加藤みや子ダンススペースが『蓮の花』『笑う土』を上演

『蓮の花』は、岡田隆彦の未完の詩「蓮の花・世界は開く」に基づいて創られたソロ・ダンス。
大きな淡いグリーンのショールを肩に纏った加藤みや子に、水面に光りを投じた反映のような照明があたり、静かにダンスが始まった。無音の中でショールを 外すと、ピンクのサリーのような衣裳。木の鈴を振るような音が微かに流れる。しだいに舞台の手前に近づくと、そこには水を張ったガラスの大きな器があり、 光りに満ちた水面が揺らいでいる。
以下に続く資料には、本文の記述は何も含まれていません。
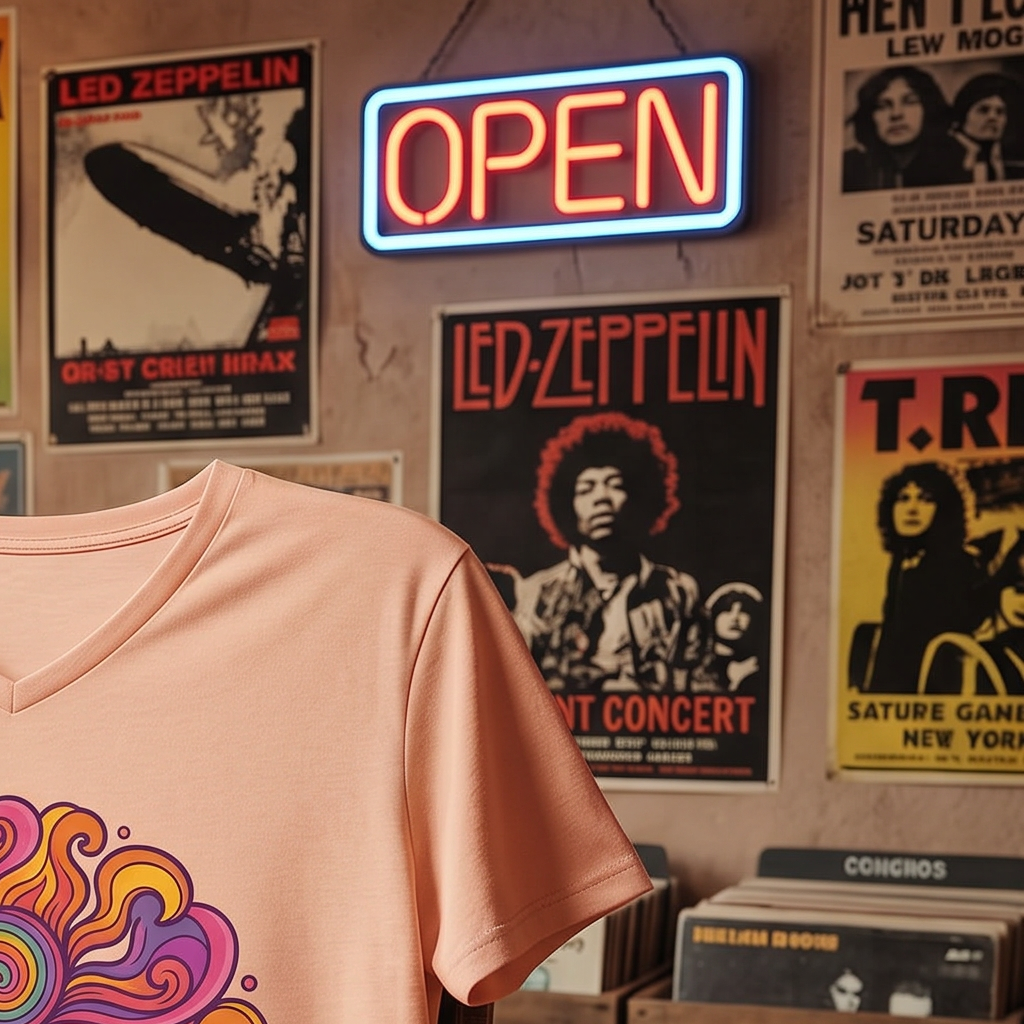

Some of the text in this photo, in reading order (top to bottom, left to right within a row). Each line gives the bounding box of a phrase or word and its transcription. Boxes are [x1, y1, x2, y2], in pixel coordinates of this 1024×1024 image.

[887, 32, 944, 58] LEW
[58, 55, 299, 107] LED ZEPPELIN
[384, 82, 719, 227] OPEN
[857, 211, 1024, 245] SATURDAY
[860, 374, 1024, 452] T.R
[603, 694, 756, 734] CONCERT
[848, 702, 945, 721] SATURE
[903, 729, 954, 748] NEW
無音の中でを踊るシーンなどがあって、冷えきった身体に暖かい血が通い始めるように、ピアノの音が流れて、生命の息吹が 舞台に満ちてくる。加藤の踊りがいっそう軽やかになるが、やがて天寿が尽きたかのようにピンクの身体は床に横たわる。
1000年の年月を越えた種子が花を咲かせるという蓮の花。その花の花弁が開く運動が、まるで生命の円環を表しているかのように感じられるダンスだった。

『笑う土』とタイトルを聞いた時には『山の音』という小説を思い浮かべたが、ダンスは山村の夜のシーンから始まった。夜は、地中のエネルギーが律動している。
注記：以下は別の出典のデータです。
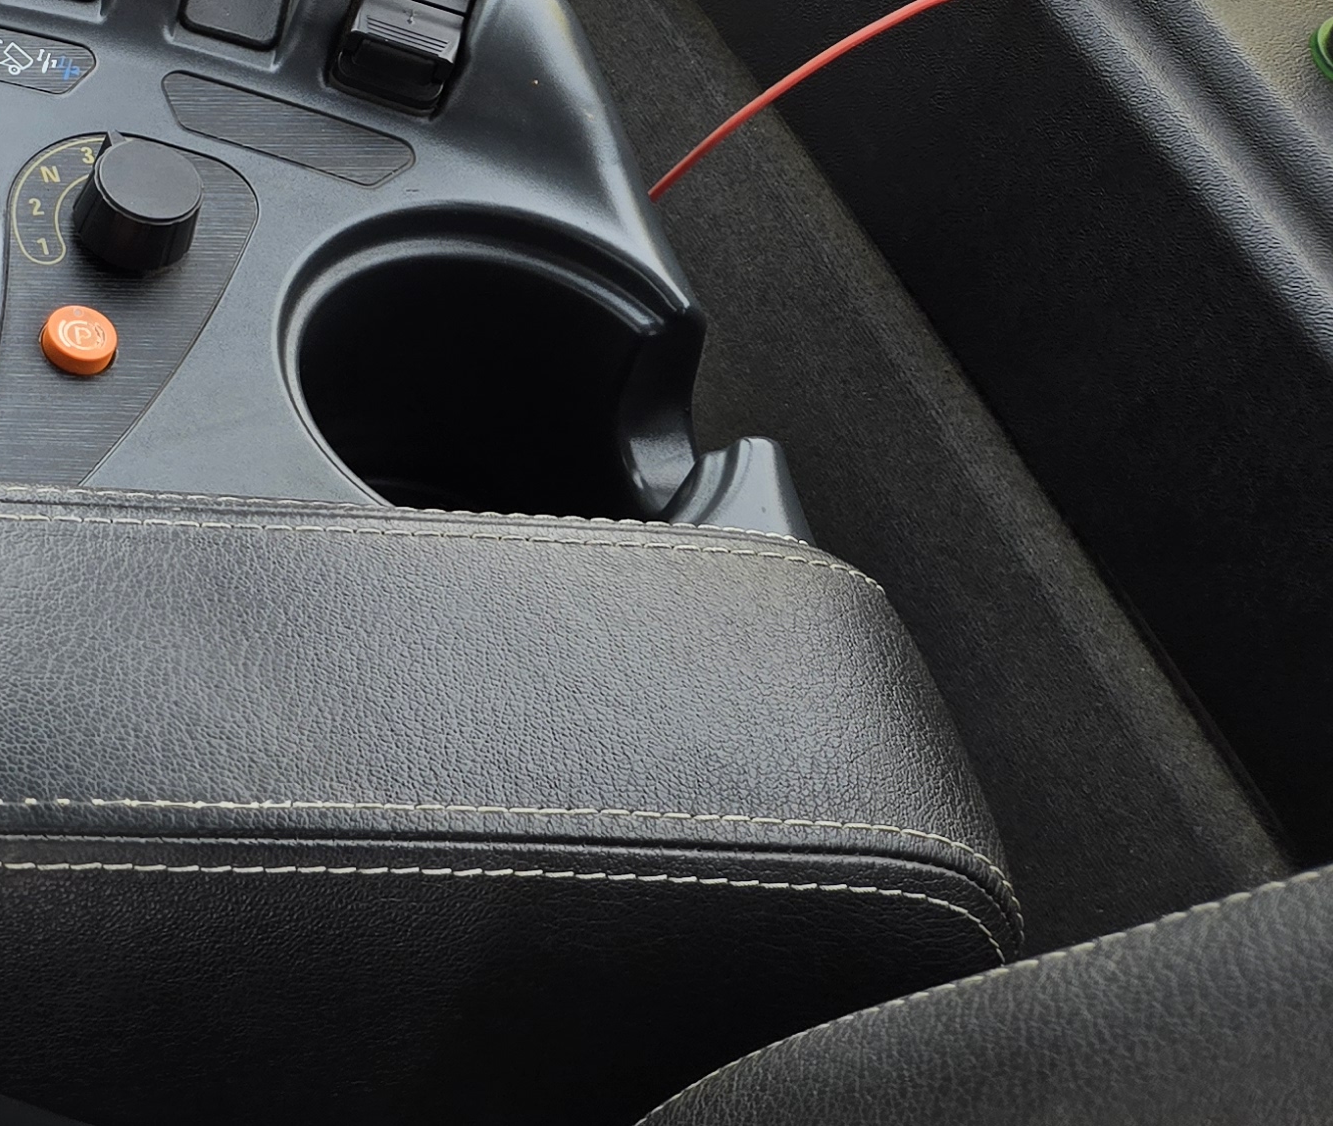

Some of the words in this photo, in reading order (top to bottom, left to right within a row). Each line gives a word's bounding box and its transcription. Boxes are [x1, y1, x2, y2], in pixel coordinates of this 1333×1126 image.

[80, 146, 95, 164] 3
[40, 166, 61, 183] N
[28, 197, 45, 216] 2
[36, 237, 49, 255] 1
ここには音はふんだんにあった。語りのリズム、生きるリズム、下駄のリズム、歌うリズム、風のリズム、キノコ汁を食べるリズム、そして排泄のリズム。魂 は地中深くを巡って語り合い、想像力が翔けて奇妙なオブジェを作る。あらゆる感情が混交して笑いが生まれ、それはもちろん踊られることになるだろう。
力強いフォルのダンスと、自由闊達な表現のヴィジュアル、溢れるばかりの音などが見事にバランスのとれた素敵な舞台だった。
来年の夏にはブラジルで『笑う土』は踊られるという。ブラジル人のダンサーもジョイントする予定だ。地球の裏側でも再び笑いの花が咲くことになる。